▶ **What the exercise asks**:
Copy the data from the line that contains "Some of the text" to its last line, exactly, including both of those lines and leaving out everything before.

************

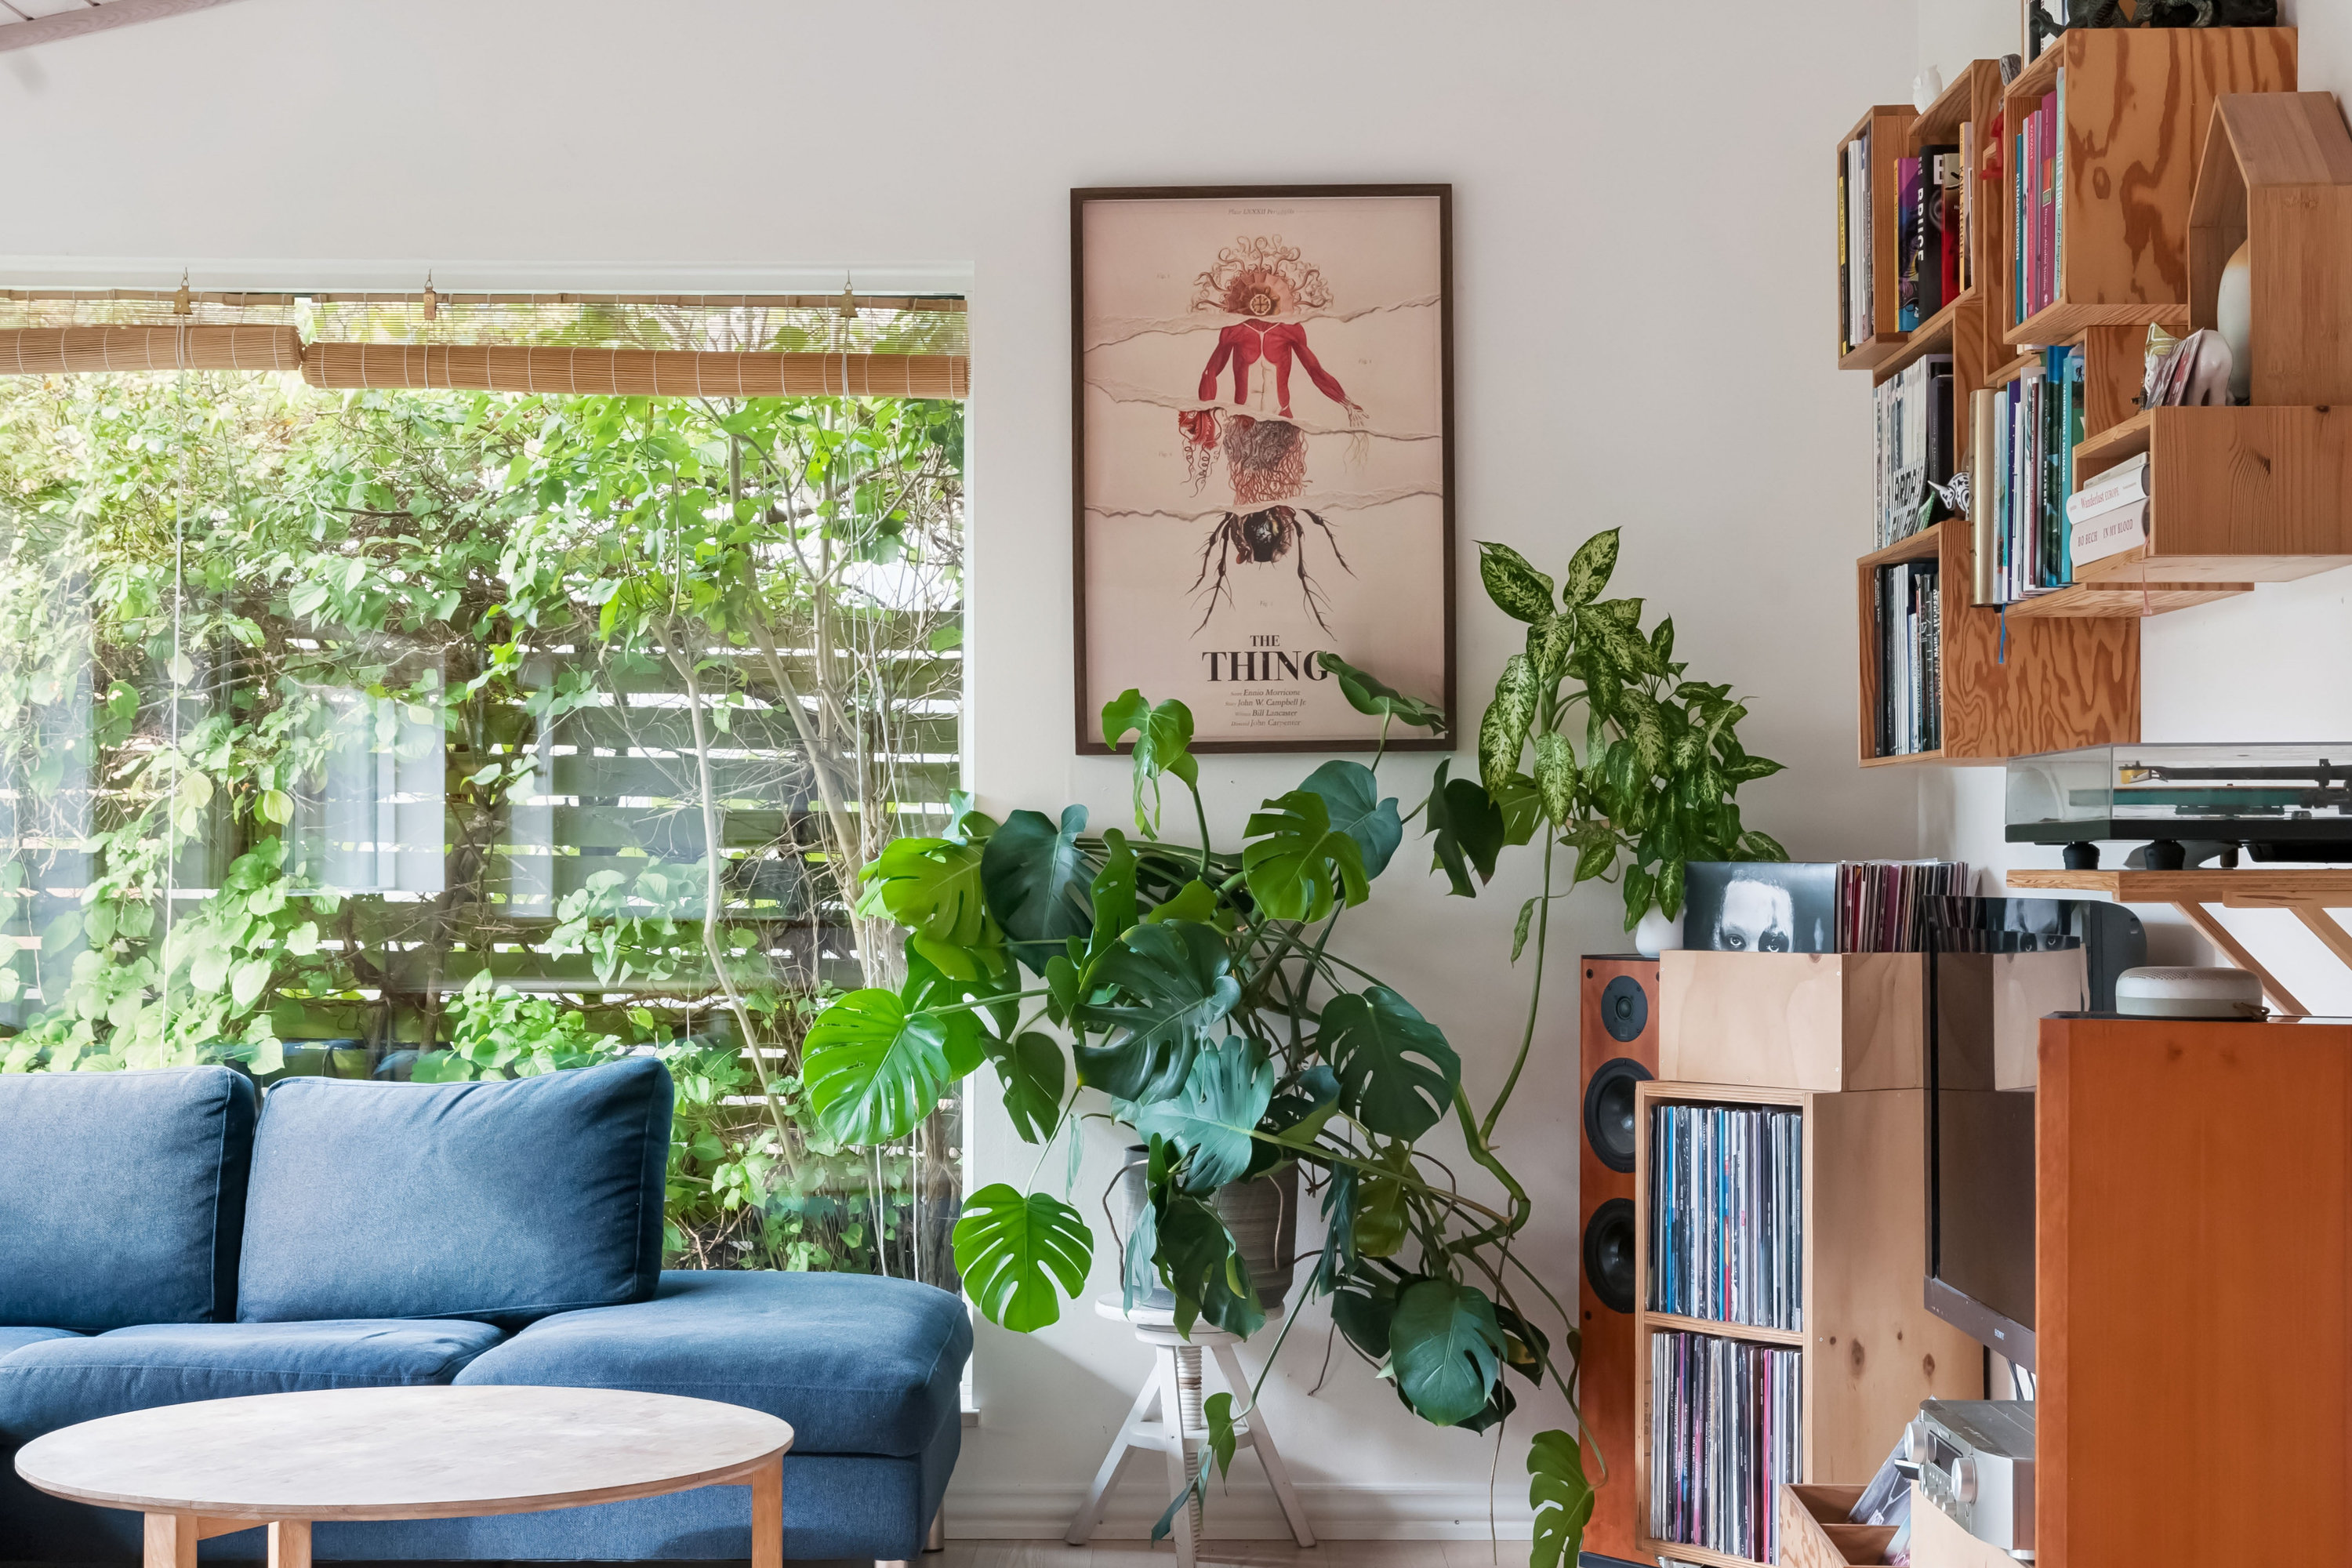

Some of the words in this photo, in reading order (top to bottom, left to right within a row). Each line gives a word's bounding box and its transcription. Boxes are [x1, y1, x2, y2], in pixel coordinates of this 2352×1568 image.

[2081, 490, 2104, 509] Wanderlust
[2105, 486, 2119, 502] EUROPE
[2078, 535, 2085, 547] BO
[2085, 531, 2098, 544] BECH
[2103, 528, 2109, 539] IN
[2109, 524, 2117, 536] MY
[2118, 518, 2133, 535] BLOOD
[1249, 635, 1280, 648] THE
[1201, 650, 1328, 682] THING
[1237, 699, 1254, 707] John
[1265, 699, 1298, 708] Campbell
[1250, 719, 1266, 728] John
[1267, 719, 1302, 728] Carpenter
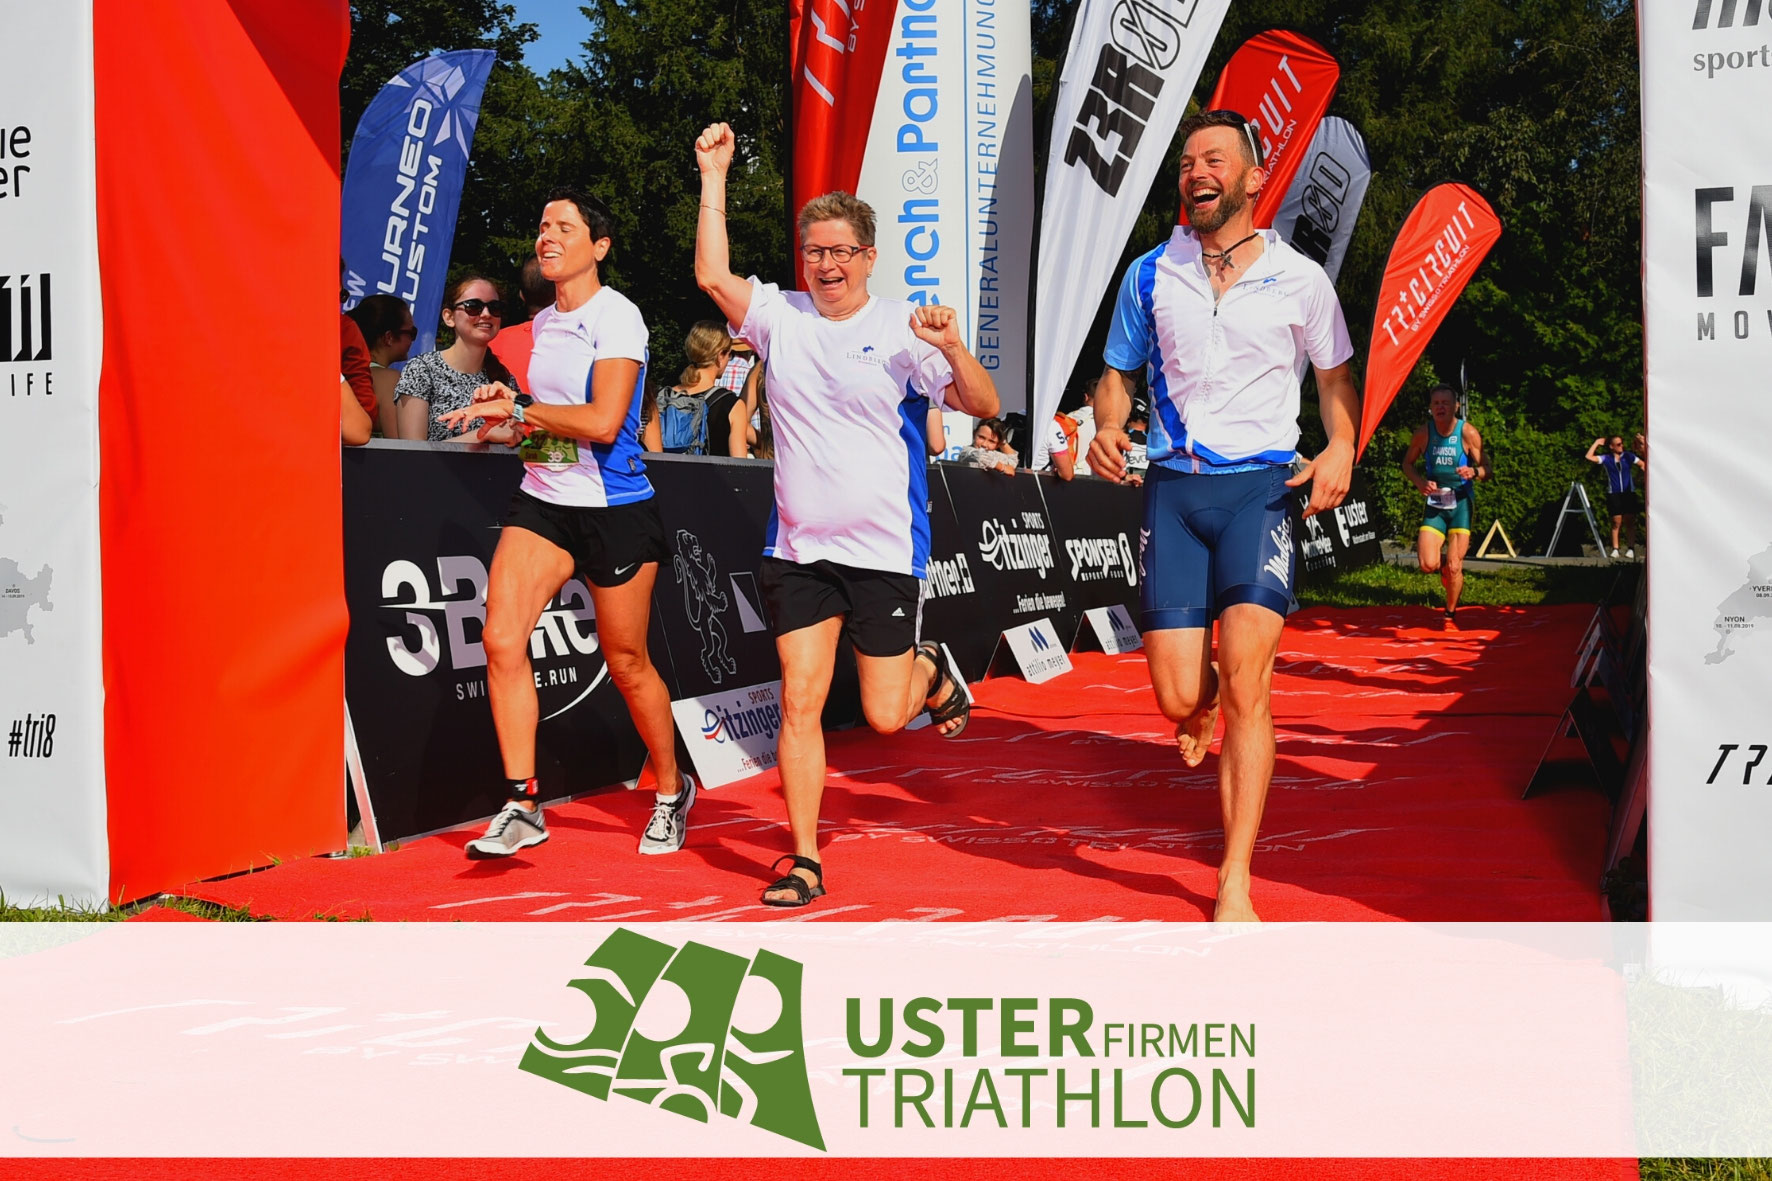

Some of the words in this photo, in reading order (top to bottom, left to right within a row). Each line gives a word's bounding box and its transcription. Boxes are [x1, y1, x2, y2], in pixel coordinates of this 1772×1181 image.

[1693, 44, 1772, 79] sport
[402, 154, 442, 316] USTOM
[1695, 185, 1772, 298] FA
[1697, 310, 1772, 341] MO
[1435, 457, 1454, 466] AUS
[8, 713, 57, 758] #tri8
[1062, 838, 1305, 852] TRIATHON
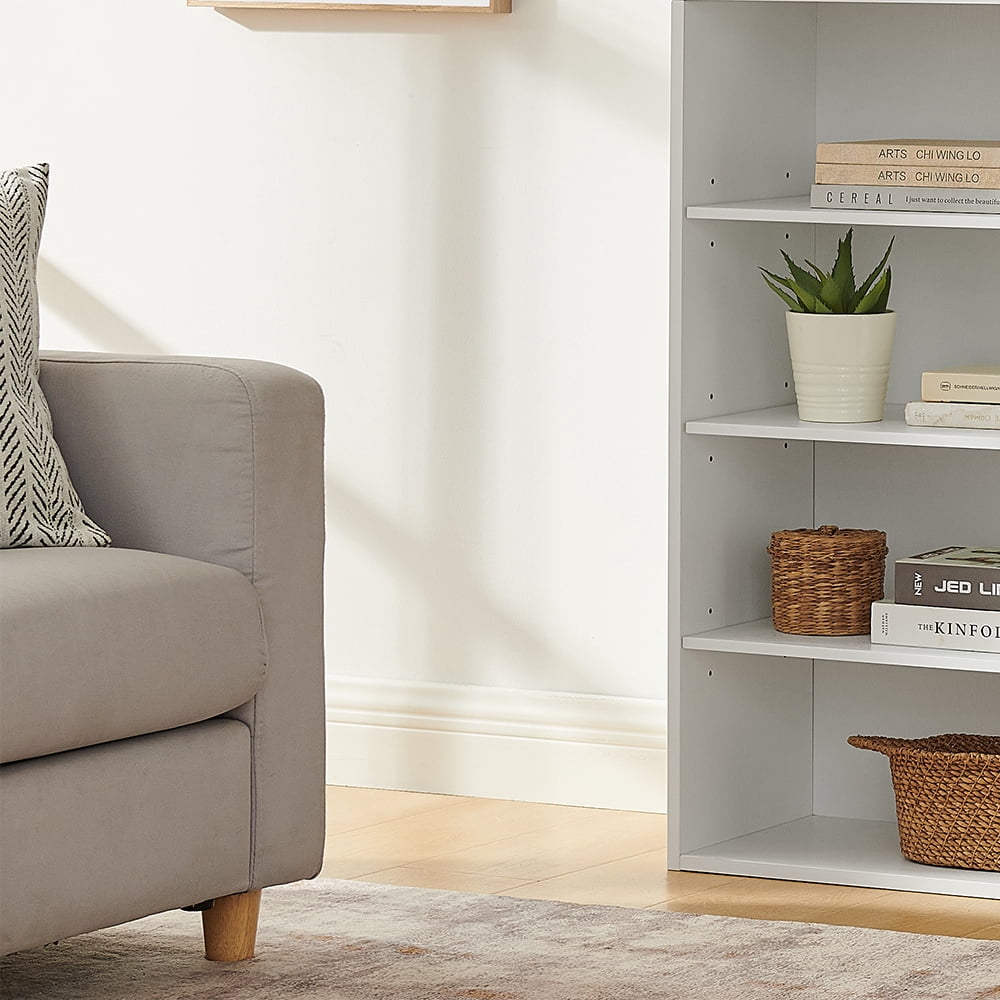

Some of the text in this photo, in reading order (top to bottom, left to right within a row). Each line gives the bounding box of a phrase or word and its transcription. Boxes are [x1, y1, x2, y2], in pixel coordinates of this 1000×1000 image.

[878, 149, 981, 161] ARTS CHI WING LO
[877, 171, 980, 183] ARTS CHI WING LO
[826, 191, 893, 205] CEREAL
[908, 196, 921, 204] just
[914, 572, 922, 596] NEW
[934, 580, 972, 594] JED
[917, 623, 934, 631] THE

************

▶ **Reply**:
Some of the text in this photo, in reading order (top to bottom, left to right within a row). Each line gives the bounding box of a phrase or word and its transcription. Boxes are [x1, y1, x2, y2], in pixel coordinates of this 1000×1000 image.

[878, 149, 981, 161] ARTS CHI WING LO
[877, 171, 980, 183] ARTS CHI WING LO
[826, 191, 893, 205] CEREAL
[908, 196, 921, 204] just
[914, 572, 922, 596] NEW
[934, 580, 972, 594] JED
[917, 623, 934, 631] THE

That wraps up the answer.